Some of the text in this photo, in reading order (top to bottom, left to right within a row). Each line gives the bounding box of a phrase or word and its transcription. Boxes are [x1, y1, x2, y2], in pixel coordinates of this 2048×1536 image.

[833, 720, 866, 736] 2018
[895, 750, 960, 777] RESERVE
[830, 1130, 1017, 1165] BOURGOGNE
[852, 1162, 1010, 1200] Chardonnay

-------------------------

### [PROBLEM TO SOLVE]
Would you retype all of the data exactly as shown?

### [OUTPUT OF THE EXERCISE]
Some of the text in this photo, in reading order (top to bottom, left to right within a row). Each line gives the bounding box of a phrase or word and its transcription. Boxes are [x1, y1, x2, y2], in pixel coordinates of this 2048×1536 image.

[833, 720, 866, 736] 2018
[895, 750, 960, 777] RESERVE
[830, 1130, 1017, 1165] BOURGOGNE
[852, 1162, 1010, 1200] Chardonnay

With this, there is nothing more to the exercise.